Testimony of C. Boyden Gray

Before the Subcommittee on Commercial and Administrative Law

Of the Committee of the Judiciary

On the Reauthorization of the Administrative Conference of the United States

June 24, 2004

 

I am pleased to be asked to testify here on behalf of the Administrative Law and Regulatory Practice Section of the American Bar Association, and the ABA itself, on the question of the reauthorization of the Administrative Conference of the United States (“ACUS”).  The views expressed in this testimony are similar to the letter previously sent to this Subcommittee by Professor William Funk, Chairman of the Administrative Law Section.  I am myself a former member of the Conference, as well as a former Chair of the Administrative Law Section of the ABA, and I testified before this Committee on May 11, 1995 to oppose the termination of ACUS (testimony attached).

            As you know, the Administrative Conference was established in 1964 as a permanent body to serve as the federal government's in-house advisor on, and coordinator of, administrative procedural reform.  It enjoyed bipartisan support for over 25 years and advised all three branches of government before being terminated in 1996. 

            Through the years, the Conference was a valuable resource providing information on the efficiency, adequacy and fairness of the administrative procedures used by administrative agencies in carrying out their programs.  This was a continuing responsibility and a continuing need, a need that has not ceased to exist.

            The Conference’s work in some cases resulted in bipartisan legislation to improve the administrative process.  For example, both the Negotiated Rulemaking Act of 1990 and the Administrative Dispute Resolution Act were the product of the Conference’s work, both in terms of the studies and reports that underlay the justification for these two laws and also in terms of the interested persons and agencies brought together to support the law.
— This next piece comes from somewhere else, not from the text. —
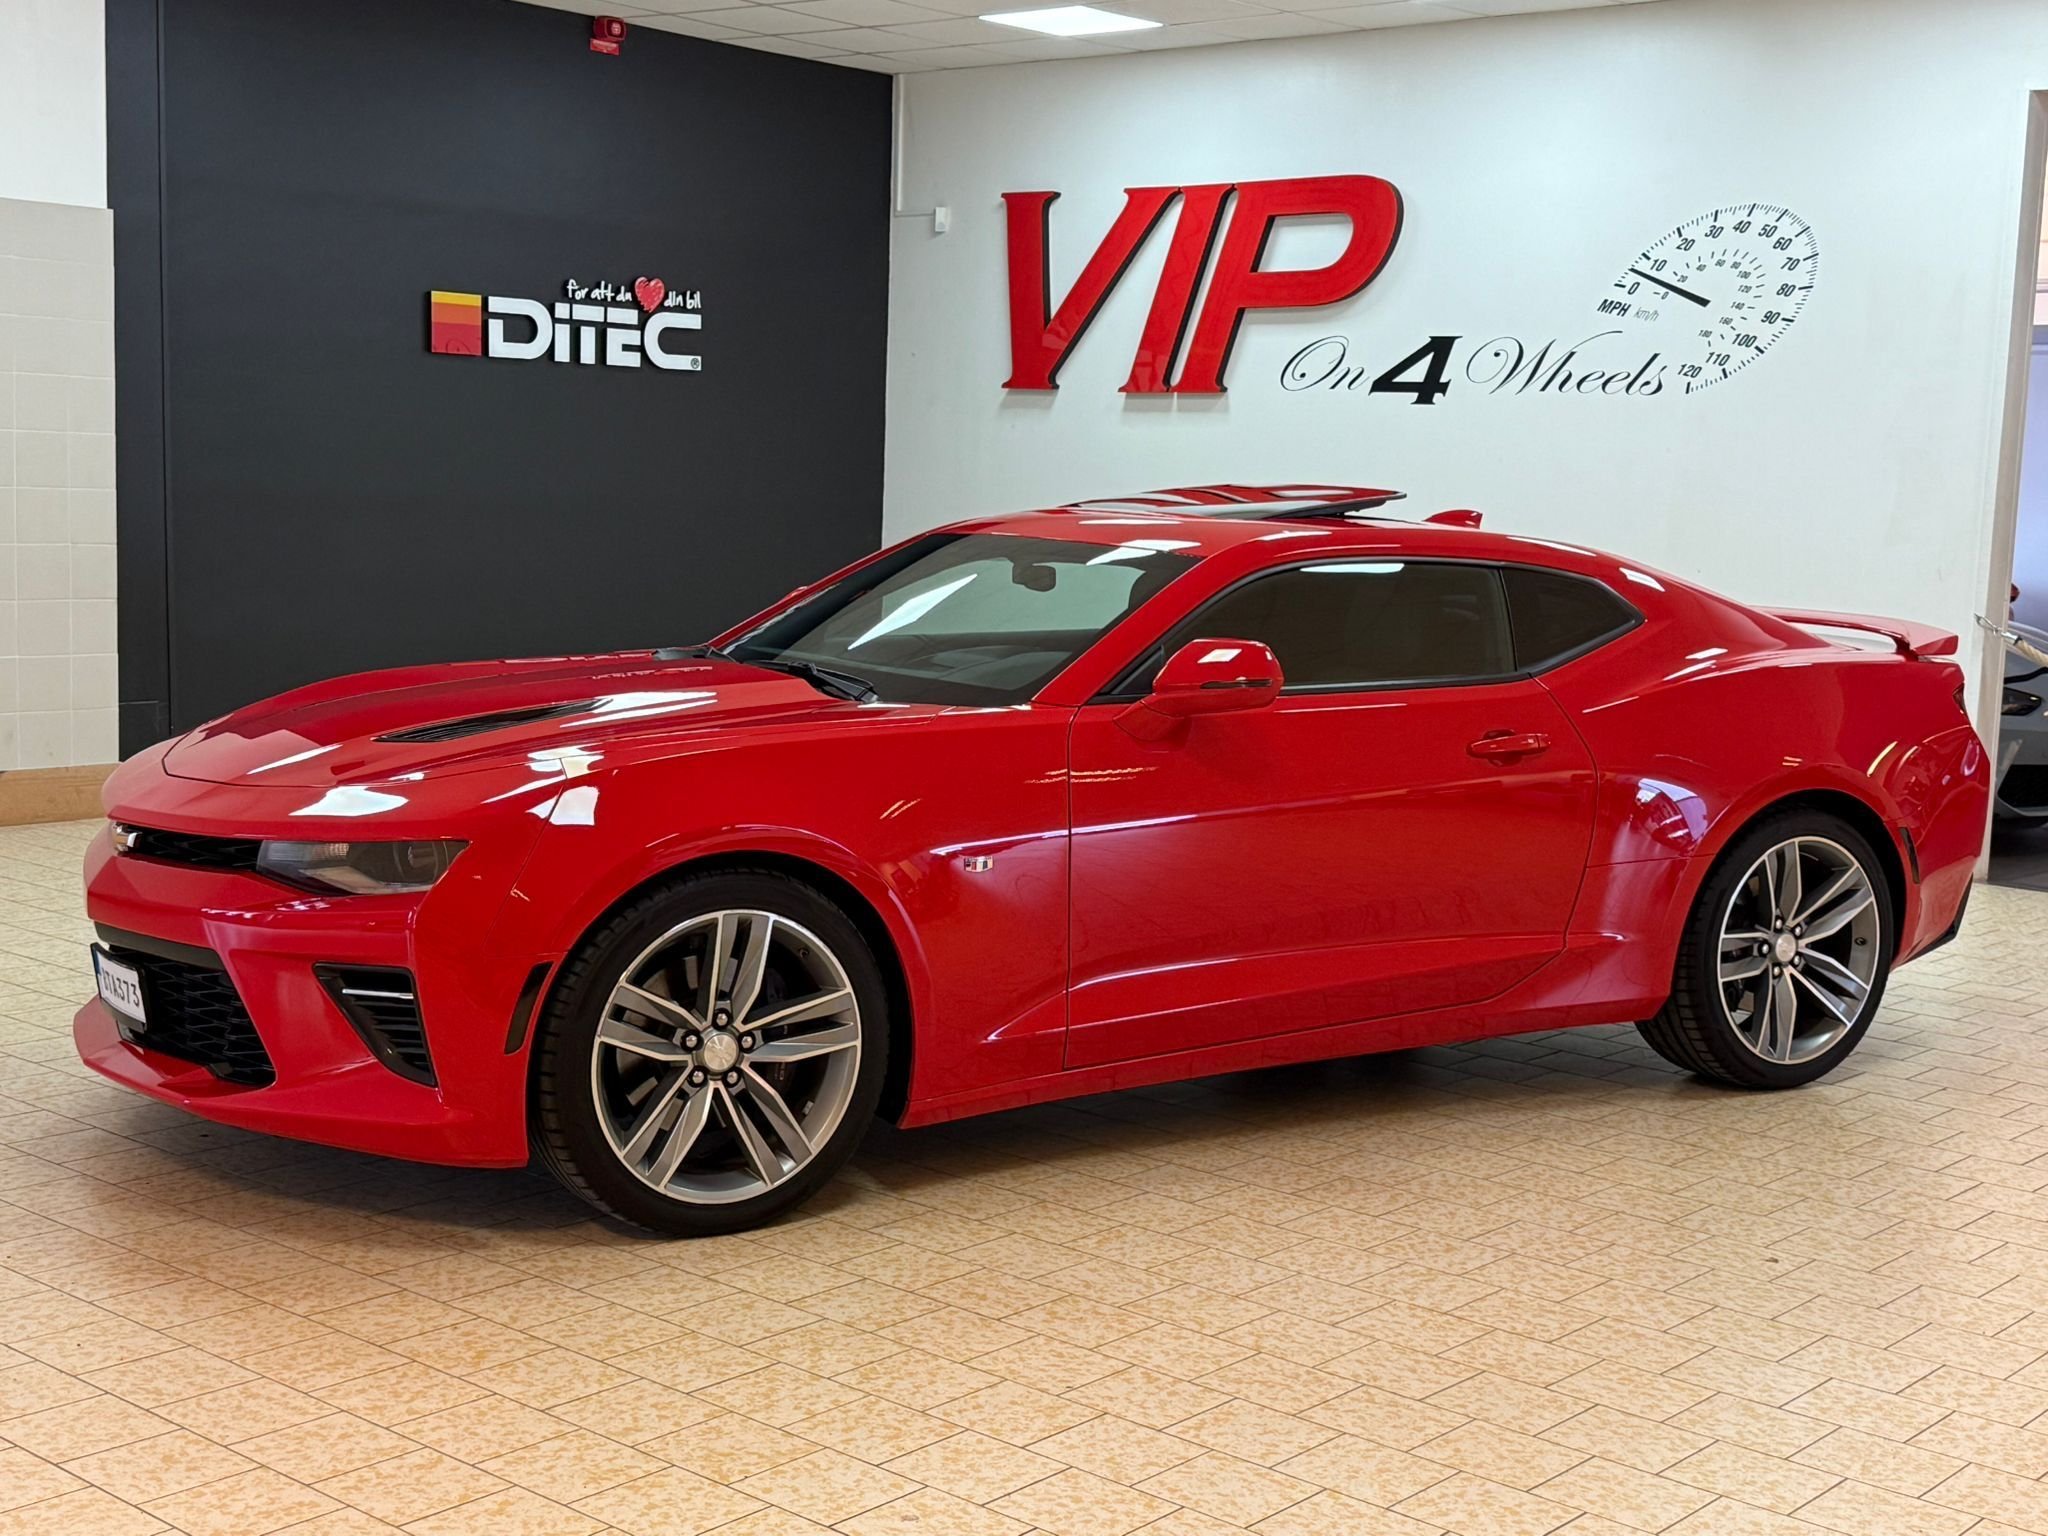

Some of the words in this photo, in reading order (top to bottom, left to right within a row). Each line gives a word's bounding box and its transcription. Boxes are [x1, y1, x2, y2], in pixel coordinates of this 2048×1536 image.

            In other cases, the Conference’s work made legislation unnecessary.  For example, early studies indicated that the exemption from notice and comment in the original Administrative Procedure Act for rulemakings involving public property, grants, contracts, loans, and benefits was no longer necessary or desirable.  As a result of the Conference’s work, virtually every agency voluntarily subjected itself to notice-and-comment rulemaking when dealing with these subjects, improving the transparency and acceptability of government rules without the need for legislative amendment. 

            The hallmark of the Conference’s work was its ability to provide expert and non-partisan advice to the three branches of government.  Drawing on the large number of volunteer public members of the Conference, as well as representatives from a wide spectrum of agencies, the Conference fostered a conversation among all interested persons and agencies.  Utilizing academics for empirical research, which was reviewed first by subject matter committees staffed by members of the Conference and then by the full Conference, the Conference was able to provide a factual predicate for improvements in the administrative process that were not identified as ideologically or partisan-based proposals. 
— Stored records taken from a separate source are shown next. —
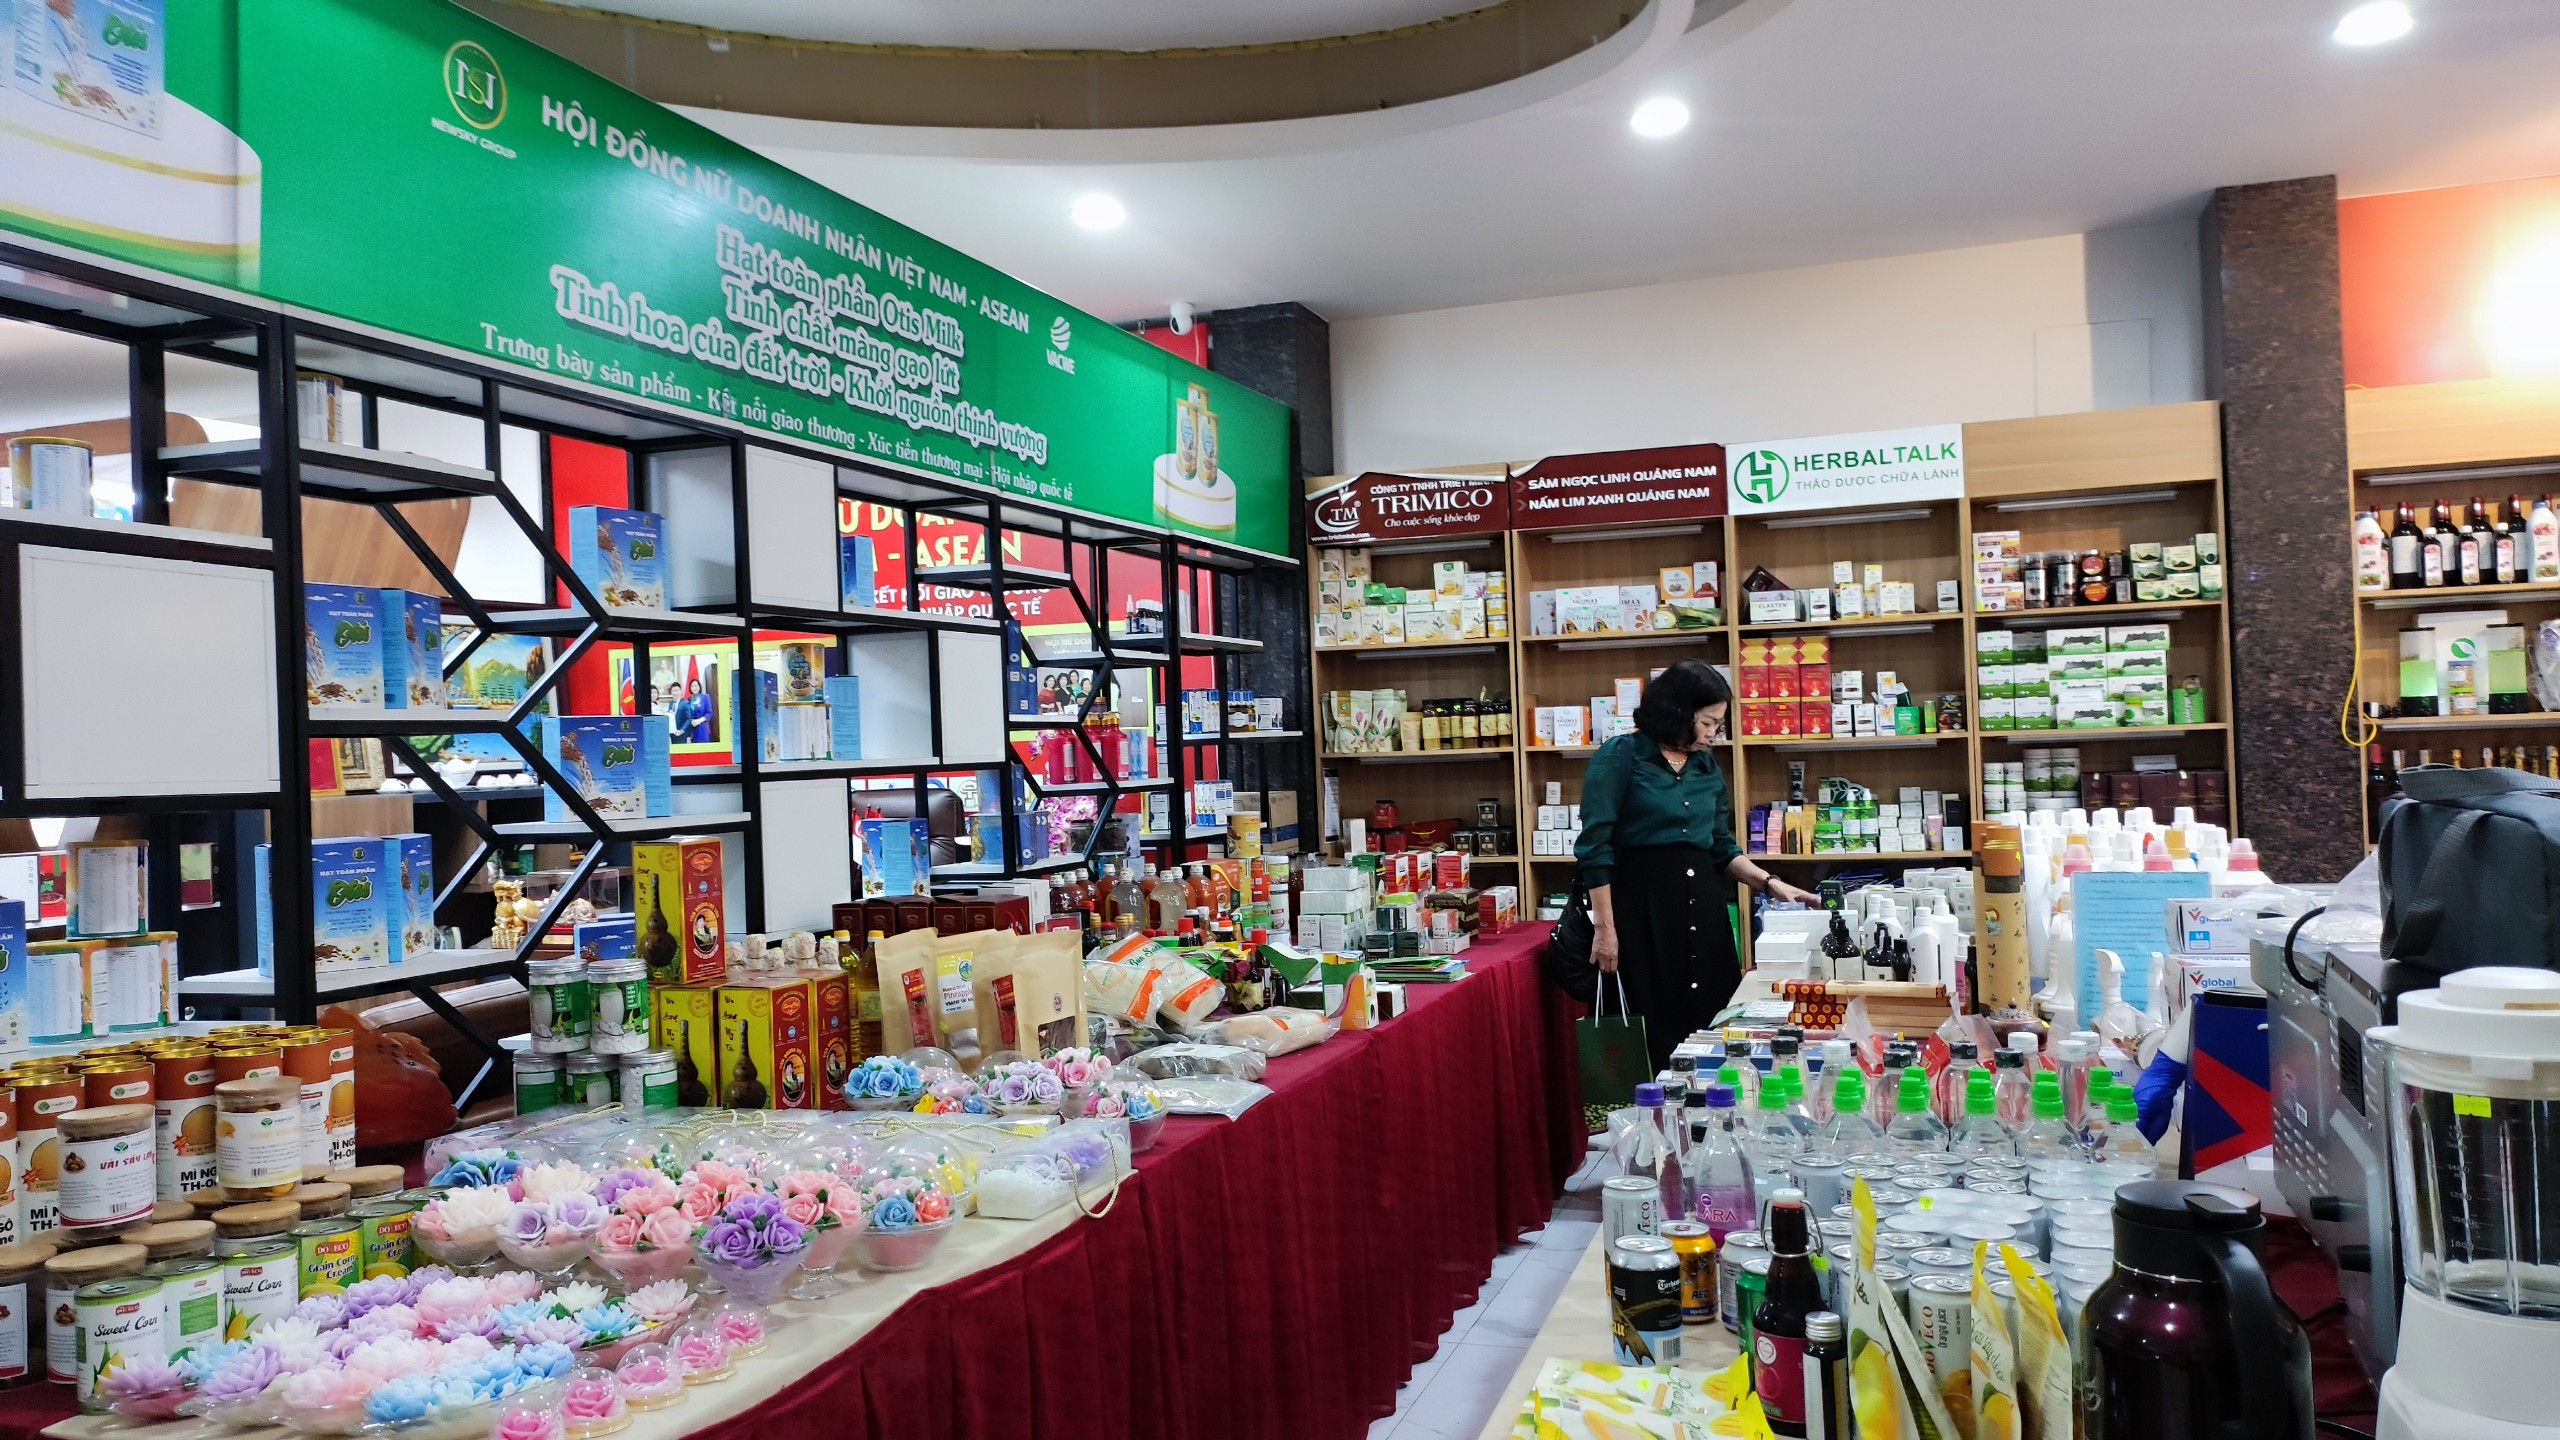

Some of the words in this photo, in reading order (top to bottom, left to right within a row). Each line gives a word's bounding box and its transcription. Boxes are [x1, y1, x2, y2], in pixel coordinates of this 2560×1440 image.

[480, 138, 517, 159] GROUP
[542, 95, 597, 148] HỘI
[604, 128, 688, 187] ĐỒNG
[694, 166, 733, 199] NỮ
[737, 185, 820, 245] DOANH
[825, 224, 882, 272] NHÂN
[885, 251, 926, 291] VIỆT
[929, 271, 967, 308] NAM
[979, 295, 1030, 334] ASEAN
[717, 227, 767, 281] Hạt
[770, 250, 823, 301] toàn
[826, 275, 877, 323] phần
[882, 296, 921, 337] Otis
[924, 312, 963, 353] Milk
[786, 305, 833, 348] chất
[836, 329, 893, 374] màng
[897, 353, 931, 385] gạo
[633, 296, 687, 349] hoa
[694, 322, 738, 364] của
[745, 335, 784, 378] đất
[788, 353, 829, 392] trời
[848, 367, 894, 412] Khởi
[898, 390, 953, 428] nguồn
[956, 404, 998, 445] thịnh
[1000, 424, 1046, 462] vượng
[480, 321, 549, 370] Trưng
[556, 343, 594, 381] bày
[599, 360, 635, 389] sản
[640, 371, 691, 404] phẩm
[741, 396, 768, 423] nối
[770, 407, 803, 432] giao
[807, 416, 856, 449] thương
[867, 431, 893, 456] Xúc
[895, 438, 919, 462] tiến
[921, 447, 961, 476] thương
[963, 462, 983, 482] mại
[990, 465, 1011, 487] Hội
[1013, 470, 1037, 495] nhập
[1039, 478, 1061, 499] quốc
[1063, 483, 1073, 502] tế
[1793, 441, 1957, 473] HERBALTALK
[1528, 477, 1559, 490] SÂM
[1561, 474, 1599, 488] NGỌC
[1600, 472, 1631, 485] LINH
[1633, 466, 1682, 483] QUẢNG
[1684, 465, 1717, 478] NAM
[1795, 478, 1831, 491] THẢO
[1835, 474, 1876, 488] DƯỢC
[1881, 470, 1919, 484] CHỮA
[1923, 467, 1959, 481] LÀNH
[1370, 484, 1398, 495] CÔNG
[1399, 483, 1411, 493] TY
[1411, 481, 1438, 491] TNHH
[1371, 488, 1493, 516] TRIMICO
[1529, 496, 1560, 510] NẤM
[1561, 496, 1585, 508] LIM
[1587, 493, 1624, 506] XANH
[1626, 488, 1675, 504] QUẢNG
[1677, 486, 1710, 500] NAM
[1384, 518, 1401, 528] Cho
[1402, 516, 1422, 527] cuộc
[1423, 513, 1443, 527] sống
[1464, 512, 1480, 524] đẹp
[968, 600, 1018, 617] QUC
[181, 1167, 197, 1182] MÌ
[200, 1166, 217, 1180] NG
[180, 1178, 218, 1193] TH-O
[30, 1206, 48, 1220] MÌ
[30, 1219, 59, 1231] TH-
[378, 1221, 408, 1234] DOECO
[316, 1241, 349, 1255] DOECO
[370, 1241, 395, 1252] Grain
[308, 1261, 334, 1273] Grain
[335, 1255, 356, 1268] Corn
[326, 1264, 355, 1279] Cream
[224, 1280, 253, 1295] Sweet
[257, 1278, 282, 1292] Corn
[94, 1319, 131, 1338] Sweet
[134, 1315, 158, 1331] Corn
            I stress the fact that over a quarter century the Administrative Conference of the United States maintained a reputation for non-partisan, expert evaluation of administrative processes and recommendations for improvements to those processes.  It had no power but the power to persuade, and no political constituency other than those interested in improving administrative government. 

            Not only was the Conference a source of expert and nonpartisan advice, the Conference played an important facilitative role for agencies in implementing changes or carrying out recommendations.  Thus, a number of statutes, including the Government in the Sunshine Act and the Equal Access to Justice Act, specified that the Conference work with agencies in adopting the agencies’ initial regulations.  More recently, the Conference worked tirelessly to help agencies understand and utilize the Negotiated Rulemaking Act and the Administrative Dispute Resolution Act.  Today, adapting administrative processes to make best use of the Internet is a hot topic, but one for which there is no central organization to study different techniques, assess them, and then facilitate the implementation of those that are best. 

            It is a testament to the Conference’s unique position that today persons of such differing judicial philosophies as Justices Scalia and Breyer can rally behind the re-creation of the Conference.  Nor is it hard to find many others from across the political spectrum who will similarly commend the re-creation of the Conference to your subcommittee.  Past chairs of the Conference, such as Professors Marshall Breger and Robert Anthony and Judge Loren Smith from one side of the aisle, can join hands with lawyer Sally Katzen and administrative judge Thomasina Rogers on the other side. 

            The Conference proved itself effective at promoting efficiency in government for over 25 years.  The American Bar Association has long supported the Conference and the role it played in advancing administrative procedural reform.  We urge you to support legislation that would reauthorize the Conference and provide it with funds that are sufficient to permit it to continue its important mission.

You have asked for comments on the form in which the reauthorization should take place, and for the regulatory reform priorities a reauthorized Conference should examine.  I see nothing obvious to change in the way the Conference worked before; sometimes it behaved like a town meeting, but that was, and hopefully will again be, part of its success as a non-partisan venue.  As for items to study, we would suggest some empirical research on the innovation of the OMB “prompt” letter, matters relating to data quality and peer review issues.